* Provided records
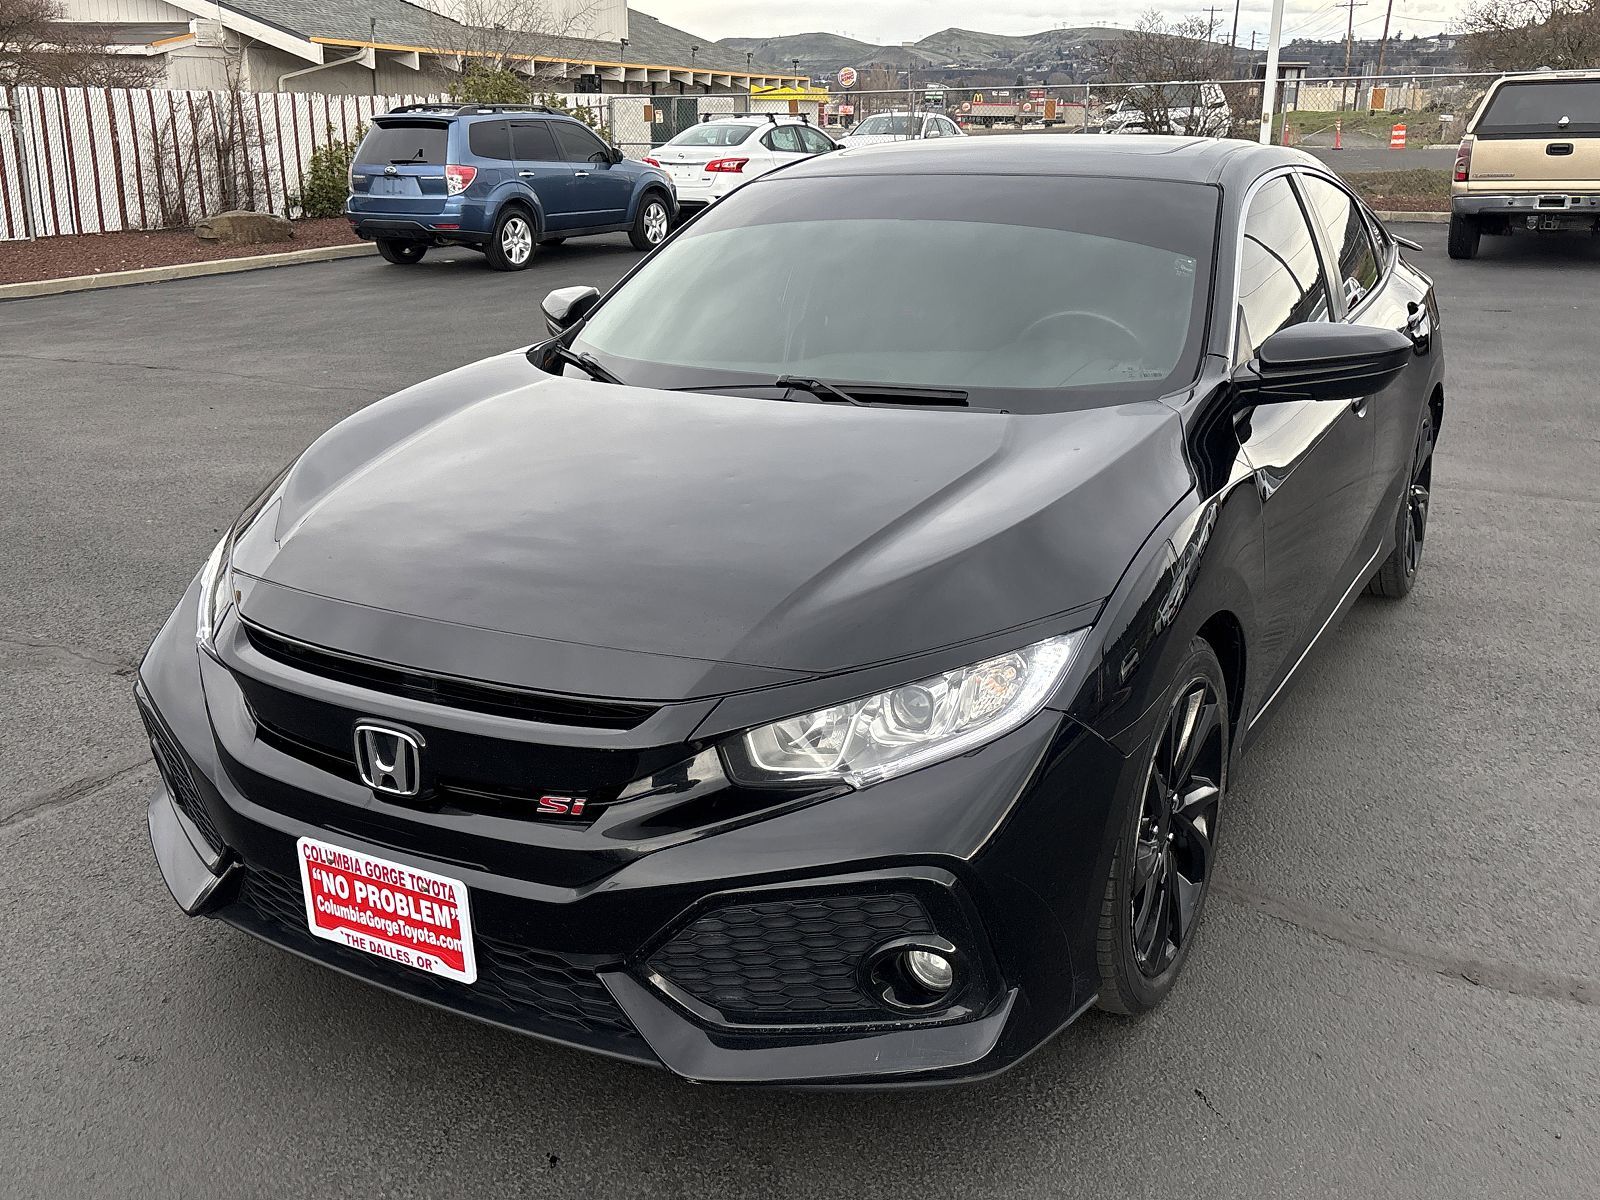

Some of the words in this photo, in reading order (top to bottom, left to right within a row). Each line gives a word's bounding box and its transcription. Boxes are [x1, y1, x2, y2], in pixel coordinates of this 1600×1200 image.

[536, 796, 587, 816] Si
[303, 843, 362, 875] COLUMBIA
[365, 861, 406, 888] GORGE
[408, 873, 457, 902] TOYOTA
[316, 895, 463, 953] ColumbiaGorgeToyota.com
[345, 933, 367, 951] THE
[369, 938, 414, 965] DALLES,
[416, 955, 433, 971] OR
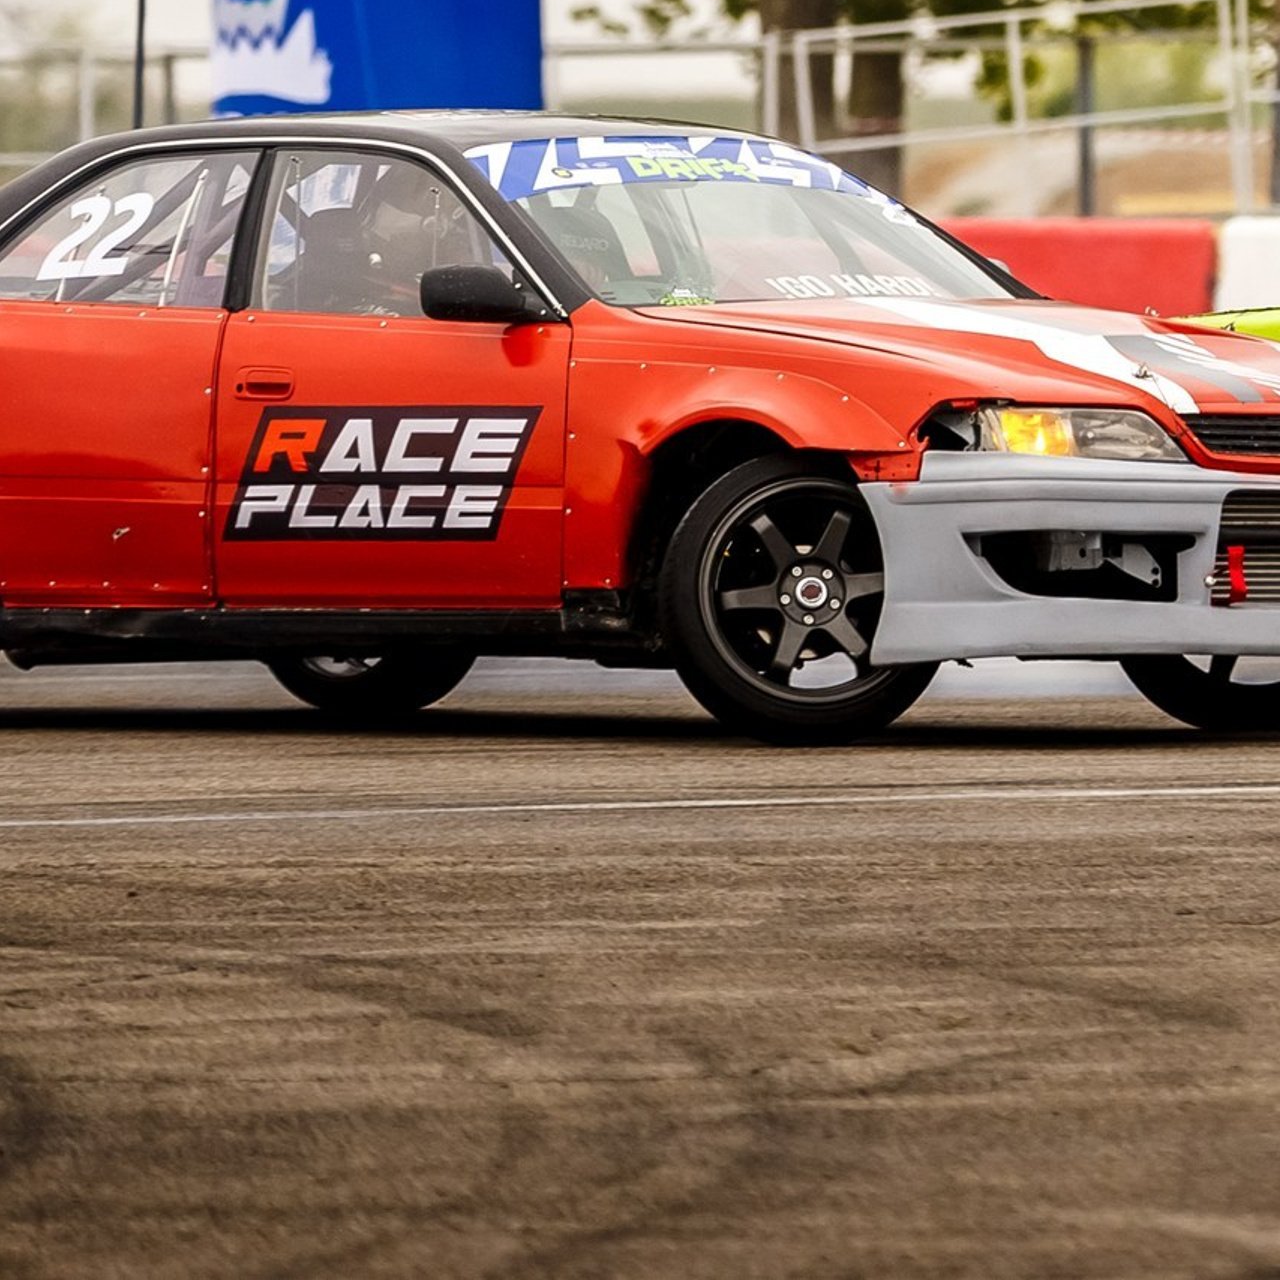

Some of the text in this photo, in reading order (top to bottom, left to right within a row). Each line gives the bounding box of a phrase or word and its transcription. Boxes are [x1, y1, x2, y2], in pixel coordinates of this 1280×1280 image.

[37, 193, 154, 280] 22
[253, 418, 528, 473] RACE
[234, 485, 503, 528] PLACE

* Task details
Starting from the line that contains "Some of the text", transcribe each line to the end of the records above. Please add nothing.

* Output for this task
Some of the text in this photo, in reading order (top to bottom, left to right within a row). Each line gives the bounding box of a phrase or word and its transcription. Boxes are [x1, y1, x2, y2], in pixel coordinates of this 1280×1280 image.

[37, 193, 154, 280] 22
[253, 418, 528, 473] RACE
[234, 485, 503, 528] PLACE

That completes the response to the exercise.